The PI 3-kinase isoforms p110(alpha) and p110(beta) have differential roles in PDGF- and insulin-mediated signaling

Abstract

Phosphoinositide 3'-kinases constitute a family of lipid kinases implicated in signal transduction through tyrosine kinase receptors and heterotrimeric G protein-linked receptors. Phosphoinositide 3'-kinases that bind to the platelet-derived growth factor receptor are composed of two subunits: the p85 subunit acts as an adapter and couples the catalytic p110 subunit to the activated receptor. There are different isoforms of p85 as well as of p110, the individual roles of which have been elusive.
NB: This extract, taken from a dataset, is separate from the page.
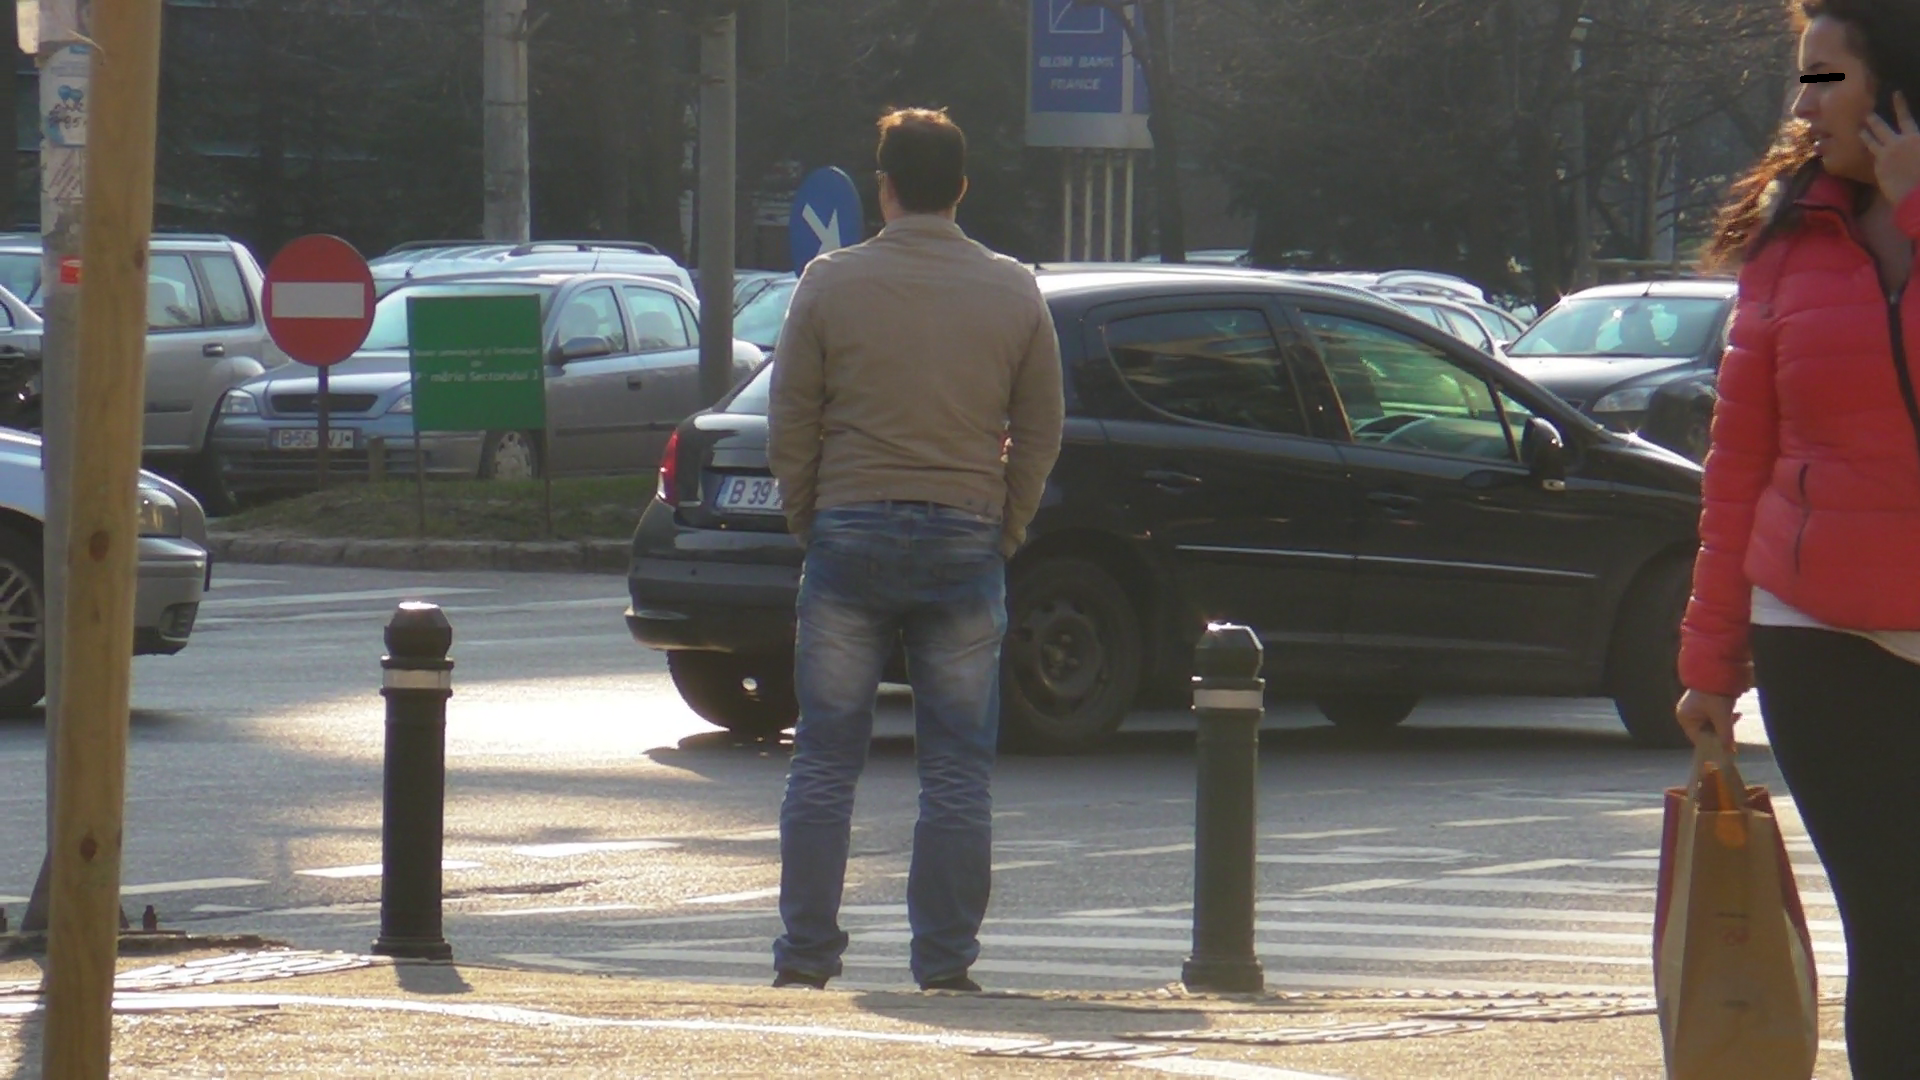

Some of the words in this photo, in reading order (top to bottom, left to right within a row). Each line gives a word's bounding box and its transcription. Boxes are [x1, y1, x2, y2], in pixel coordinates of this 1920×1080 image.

Using microinjection of inhibitory antibodies specific for either p110(alpha) or p110(beta) we have investigated the involvement of the two p110 isoforms in platelet-derived growth factor- and insulin-induced actin reorganization in porcine aortic endothelial cells. We have found that antibodies against p110(alpha), but not antibodies against p110(beta), inhibit platelet-derived growth factor-stimulated actin reorganization, whereas the reverse is true for inhibition of insulin-induced actin reorganization. These data indicate that the two phosphoinositide 3'-kinase isoforms have distinct roles in signal transduction pathways induced by platelet-derived growth factor and insulin.